M. Lassève ? questionna Claude. Il sait, lui aussi, sans doute ? Vous vous êtes empressé de le mettre au courant probablement, M. Rocques ?

— Pour qui me prenez-vous, M. de L’Aigle ? s’écria Séverin, fort en colère. Je me suis bien gardé de faire part de mes découvertes au père adoptif de votre femme ; ce que je sais, je le garde pour moi seul et je prie Dieu que le hasard ne fasse jamais que Magdalena découvre qui… quel homme elle a épousé !

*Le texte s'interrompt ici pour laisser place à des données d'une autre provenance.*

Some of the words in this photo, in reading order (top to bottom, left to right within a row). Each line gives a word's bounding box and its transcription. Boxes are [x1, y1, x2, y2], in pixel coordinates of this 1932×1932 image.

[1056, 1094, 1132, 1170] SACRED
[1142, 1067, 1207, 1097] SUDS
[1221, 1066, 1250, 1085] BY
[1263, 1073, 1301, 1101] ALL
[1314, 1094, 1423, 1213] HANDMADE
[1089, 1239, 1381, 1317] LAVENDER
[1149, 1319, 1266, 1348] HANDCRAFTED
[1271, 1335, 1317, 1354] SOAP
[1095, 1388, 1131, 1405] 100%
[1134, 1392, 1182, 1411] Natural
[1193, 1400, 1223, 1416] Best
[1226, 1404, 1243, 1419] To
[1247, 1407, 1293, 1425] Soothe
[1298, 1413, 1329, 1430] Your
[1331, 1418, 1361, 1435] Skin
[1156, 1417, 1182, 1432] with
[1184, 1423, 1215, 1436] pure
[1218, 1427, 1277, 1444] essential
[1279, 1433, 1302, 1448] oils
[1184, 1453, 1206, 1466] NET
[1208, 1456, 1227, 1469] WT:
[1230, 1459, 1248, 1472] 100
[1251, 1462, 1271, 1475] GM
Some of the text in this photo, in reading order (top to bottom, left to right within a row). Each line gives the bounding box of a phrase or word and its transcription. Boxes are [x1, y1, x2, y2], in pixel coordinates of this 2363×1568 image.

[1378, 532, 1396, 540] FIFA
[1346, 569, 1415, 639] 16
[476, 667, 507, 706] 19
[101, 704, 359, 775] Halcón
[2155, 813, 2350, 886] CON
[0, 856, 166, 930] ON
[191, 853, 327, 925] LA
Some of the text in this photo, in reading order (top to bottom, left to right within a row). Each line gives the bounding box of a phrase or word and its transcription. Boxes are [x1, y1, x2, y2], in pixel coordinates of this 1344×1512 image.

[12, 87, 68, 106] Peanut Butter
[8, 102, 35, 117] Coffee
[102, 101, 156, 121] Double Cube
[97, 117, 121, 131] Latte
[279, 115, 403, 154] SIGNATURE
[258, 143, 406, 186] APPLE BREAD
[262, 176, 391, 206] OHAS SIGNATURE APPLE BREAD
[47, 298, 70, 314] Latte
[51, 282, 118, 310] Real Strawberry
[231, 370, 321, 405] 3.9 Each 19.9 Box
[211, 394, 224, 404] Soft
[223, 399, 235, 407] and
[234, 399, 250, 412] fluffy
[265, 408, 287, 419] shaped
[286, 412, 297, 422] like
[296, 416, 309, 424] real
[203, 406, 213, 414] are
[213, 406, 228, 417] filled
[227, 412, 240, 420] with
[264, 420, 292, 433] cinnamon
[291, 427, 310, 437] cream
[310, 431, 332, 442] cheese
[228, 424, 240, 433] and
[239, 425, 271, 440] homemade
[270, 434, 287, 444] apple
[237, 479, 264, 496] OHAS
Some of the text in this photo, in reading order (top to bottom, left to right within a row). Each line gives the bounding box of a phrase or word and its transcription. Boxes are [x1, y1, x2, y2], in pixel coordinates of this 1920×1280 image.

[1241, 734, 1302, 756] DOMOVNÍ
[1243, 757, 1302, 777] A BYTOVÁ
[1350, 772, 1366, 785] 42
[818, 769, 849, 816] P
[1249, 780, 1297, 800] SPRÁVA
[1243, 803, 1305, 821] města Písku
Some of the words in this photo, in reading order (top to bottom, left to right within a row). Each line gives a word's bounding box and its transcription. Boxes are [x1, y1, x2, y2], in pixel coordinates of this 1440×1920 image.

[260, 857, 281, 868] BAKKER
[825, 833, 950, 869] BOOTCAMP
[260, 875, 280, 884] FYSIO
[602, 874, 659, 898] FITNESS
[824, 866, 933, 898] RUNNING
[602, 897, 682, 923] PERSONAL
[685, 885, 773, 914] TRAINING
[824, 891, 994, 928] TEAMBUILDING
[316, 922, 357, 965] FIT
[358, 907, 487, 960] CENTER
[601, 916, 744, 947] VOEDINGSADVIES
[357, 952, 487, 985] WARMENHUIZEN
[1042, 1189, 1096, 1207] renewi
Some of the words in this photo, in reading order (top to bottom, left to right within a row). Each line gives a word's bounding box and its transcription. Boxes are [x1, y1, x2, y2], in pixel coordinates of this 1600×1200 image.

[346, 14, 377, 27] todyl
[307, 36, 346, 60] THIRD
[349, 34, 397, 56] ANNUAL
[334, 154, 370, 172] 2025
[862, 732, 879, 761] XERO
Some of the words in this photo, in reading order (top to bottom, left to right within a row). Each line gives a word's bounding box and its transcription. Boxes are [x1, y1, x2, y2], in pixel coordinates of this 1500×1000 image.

— Nous prions Dieu pour la même chose, M. Rocques, fit Claude avec un sourire qui déplut fort à son interlocuteur.

— Monsieur, s’exclama Séverin, rouge de colère, vous êtes M. de L’Aigle, le riche rentier, le presque millionnaire, dont plus d’un envie le sort… Moi, je ne suis qu’un humble et pauvre villageois… Mais, tonnerre ! Je ne changerais pas de place avec vous pour tous les biens de la terre !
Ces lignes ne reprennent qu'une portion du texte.